Comme dans tous les grands sinistres, en effet, les gens avaient sauvé, au hasard, les objets les plus insignifiants. Un commerçant qui n’avait pas songé à emporter de son bureau la moindre pièce d’archive s’était astreint à prendre les pincettes, et les promena précieusement pendant des heures[3] !

Malheureusement, le Service automobile pouvait peu de chose pour tous ces pauvres gens. À cette question bien naturelle : « Les camions qui avaient porté du matériel à Verdun ne pouvaient-ils, au retour, charger tout cela ? » la réponse est facile : c’est que les camions, précisément, ne revenaient pas à vide : ils transportaient toutes sortes de matériaux militaires, caisses à munitions, réserves de matériel qu’il fallait évacuer, marchandises de la gare de Verdun, etc. On dut donc se borner à transporter à l’arrière les malades (particulièrement le 25 février et le 6 mars) ; et puis, il va sans dire que tous les conducteurs, lorsqu’ils le pouvaient, prenaient du moins les vieillards, les femmes, les enfants, les infirmes, lamentables épaves de l’effroyable cataclysme !

Le 25 et le 26, les services publics s’en allèrent. Du 25 février au 8 mars, c’est la période critique. Quelques camions déménagent encore les archives, mais la plupart ont « autre chose à faire. » Le 8 mars[4], le maire, avec les derniers habitants, franchit la porte de la ville : il ne reste plus, dans Verdun, qu’un ou deux civils[5].

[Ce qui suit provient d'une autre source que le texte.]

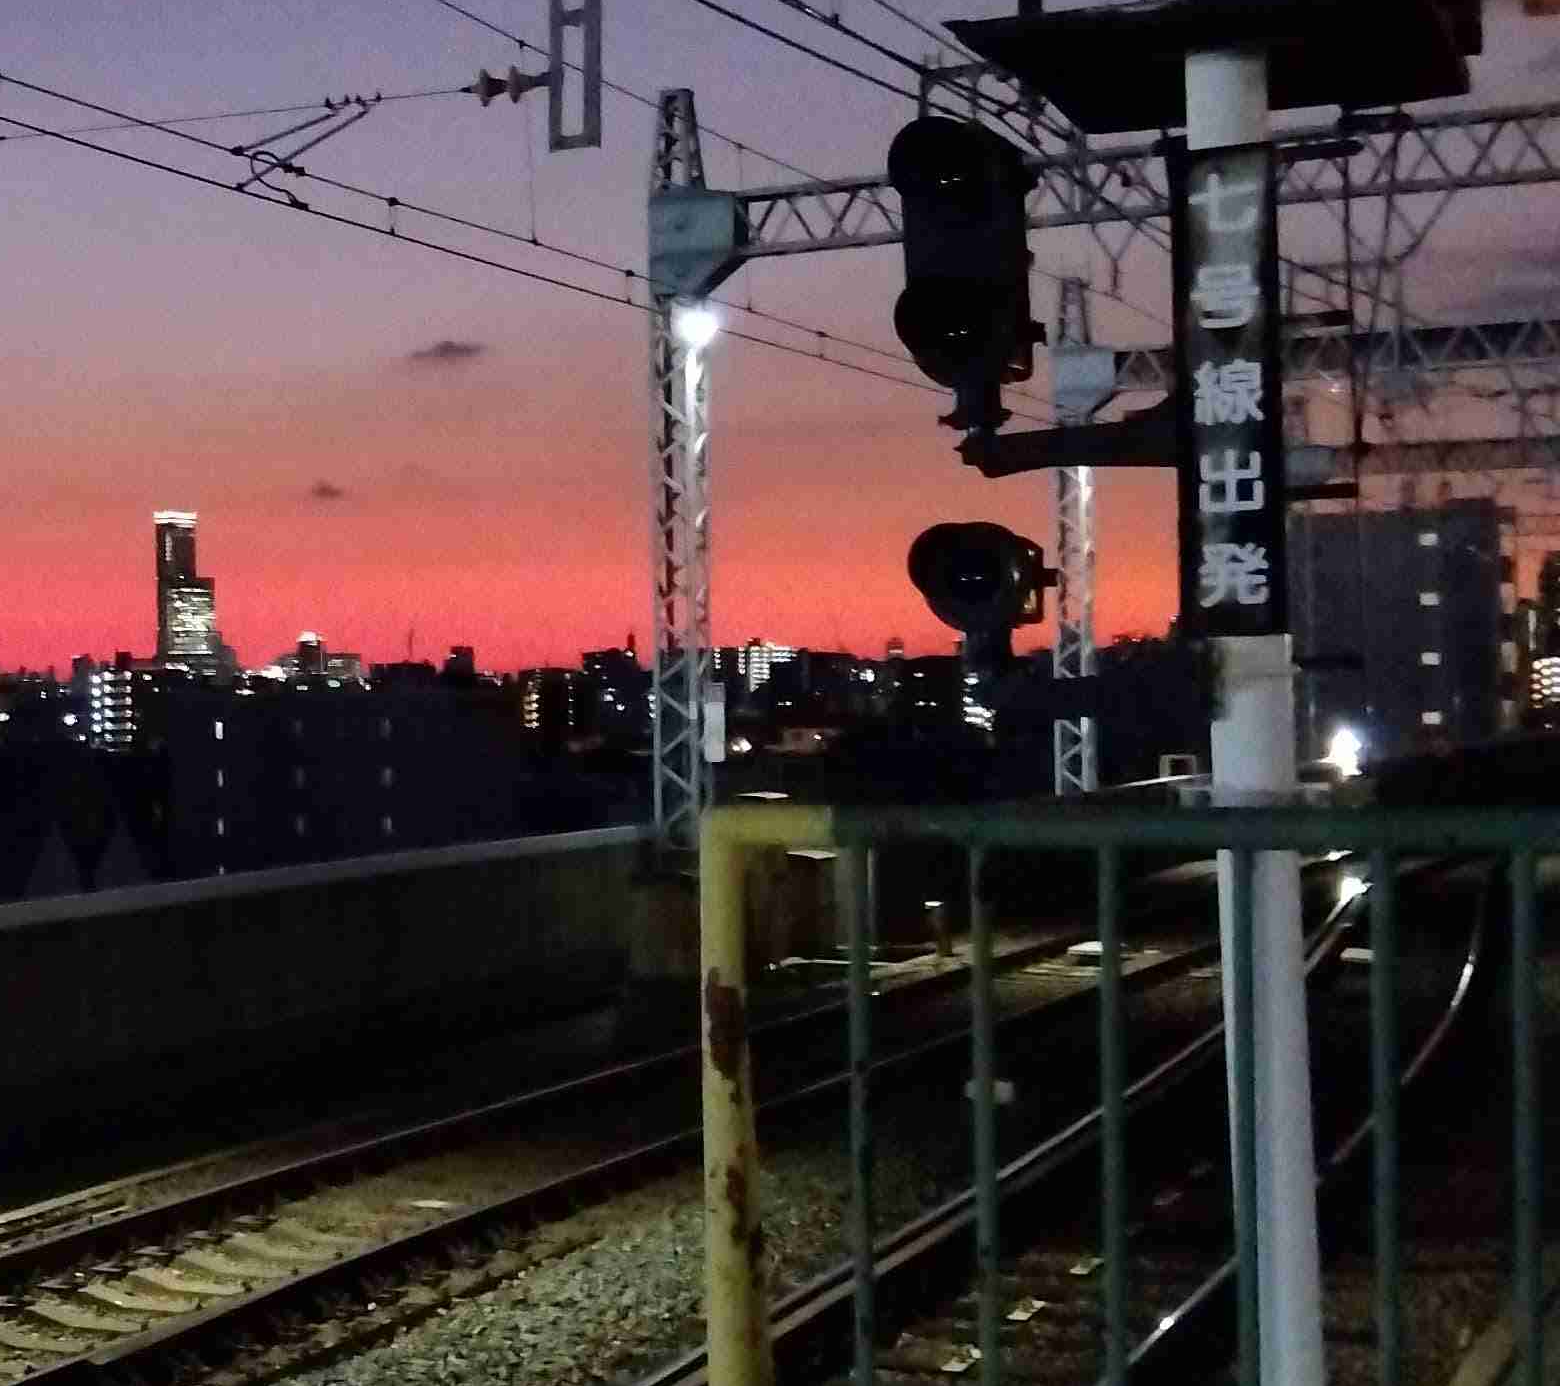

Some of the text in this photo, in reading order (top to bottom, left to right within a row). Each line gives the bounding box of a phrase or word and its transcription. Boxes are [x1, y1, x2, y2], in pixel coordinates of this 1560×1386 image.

[1188, 172, 1270, 608] 七号線出発

  1. Frank Hoyt Gailor, ouvrage cité.
  2. The Section at Verdun, par Henry Sheahan, conducteur dans une section américaine, dans Friends of France.
  3. Ce trait m’a été rapporté par M. Georges, procureur de la République à Verdun, qui quitta la ville l’un des derniers.
  4. Renseignements fournis par la maire de Verdun.
  5. En resta-t-il un ou plusieurs ? Il est très difficile, même pour un fait aussi simple, de découvrir la vérité. On a cité le garde champêtre ; mais celui-ci est-il réellement un civil ? Je crois, après enquête, que le seul vrai civil qui resta tut M. Cabrillac, secrétaire de la mairie, qui ne quitta Verdun que le 1er avril. Il n’est pas inutile d’inscrire ici le nom de ce vrai modèle du » citoyen. »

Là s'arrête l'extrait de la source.